---------- Exercise input ----------

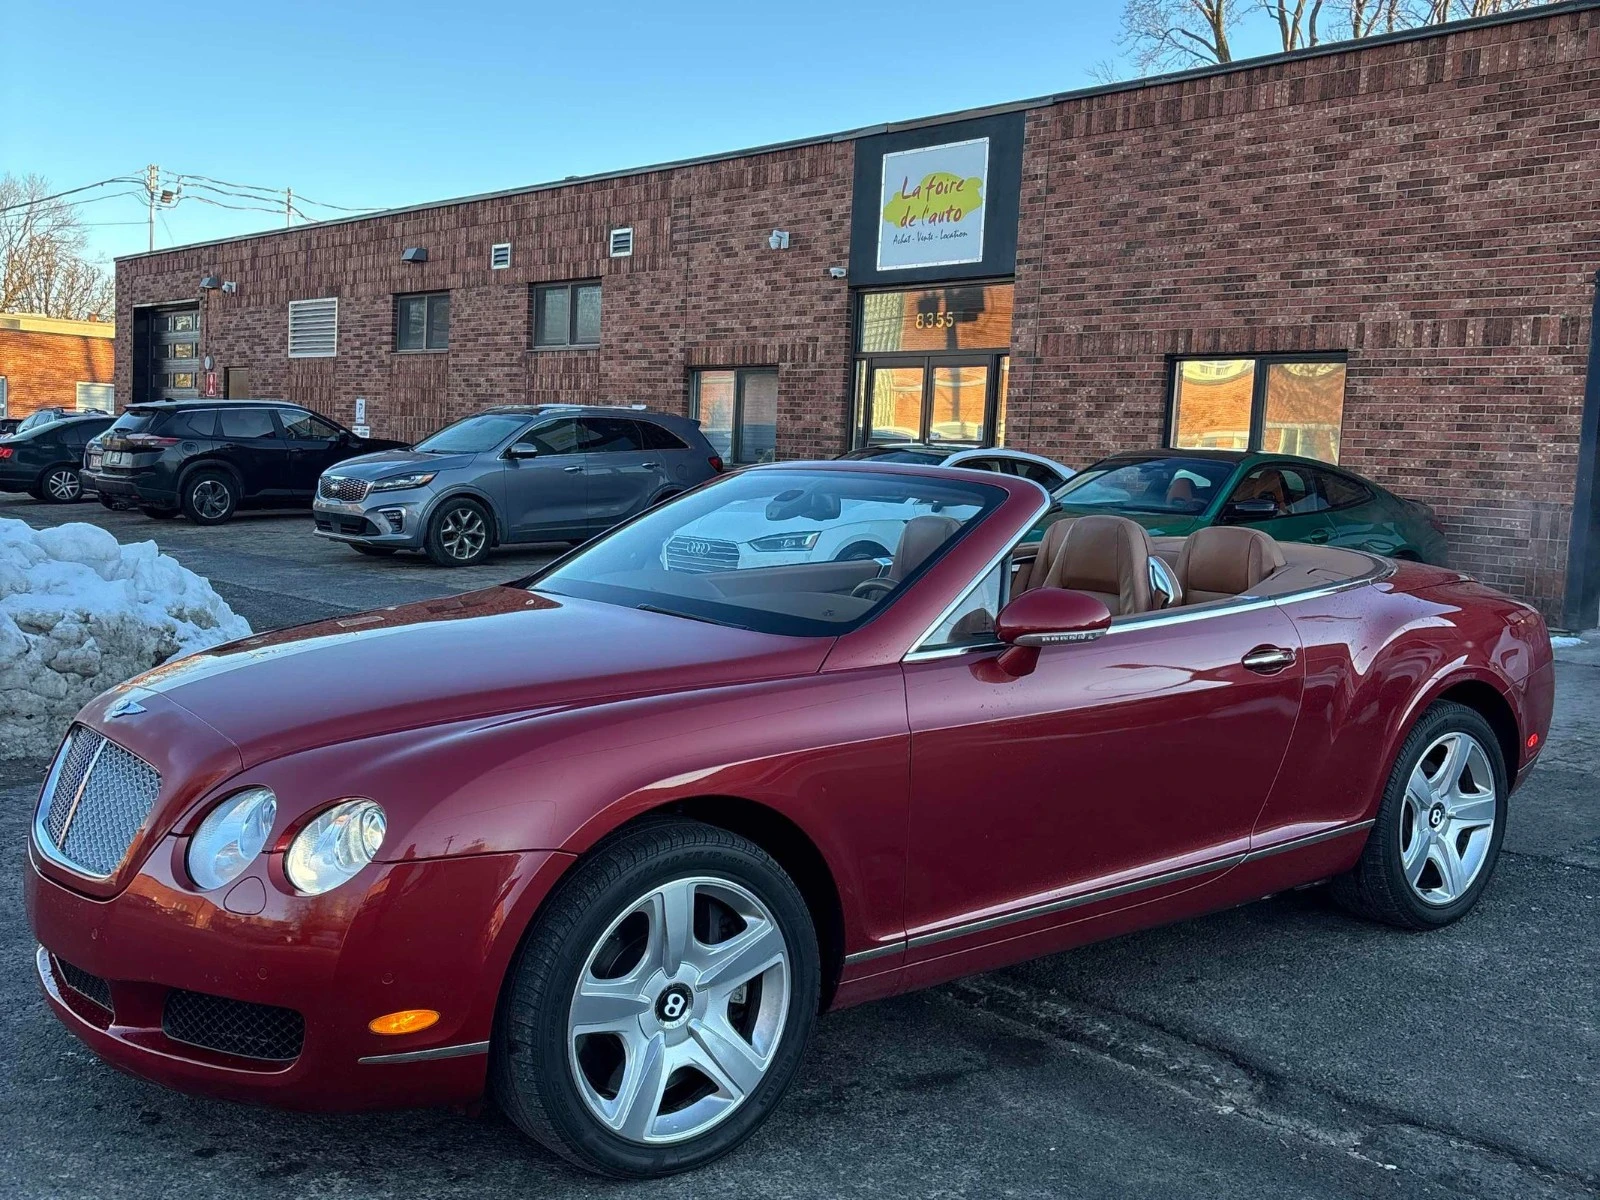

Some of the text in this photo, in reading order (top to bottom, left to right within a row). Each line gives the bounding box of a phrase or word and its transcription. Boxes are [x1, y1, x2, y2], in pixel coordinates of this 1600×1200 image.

[901, 175, 964, 202] La foire
[900, 204, 961, 228] de l'auto
[893, 234, 911, 245] Achat
[917, 231, 934, 242] Vente
[940, 229, 968, 240] Location
[915, 311, 954, 329] 8355

----------

**Task to carry out**
The result should be an exact copy of the material, containing no pictures.

**Output for this exercise**
Some of the text in this photo, in reading order (top to bottom, left to right within a row). Each line gives the bounding box of a phrase or word and its transcription. Boxes are [x1, y1, x2, y2], in pixel coordinates of this 1600×1200 image.

[901, 175, 964, 202] La foire
[900, 204, 961, 228] de l'auto
[893, 234, 911, 245] Achat
[917, 231, 934, 242] Vente
[940, 229, 968, 240] Location
[915, 311, 954, 329] 8355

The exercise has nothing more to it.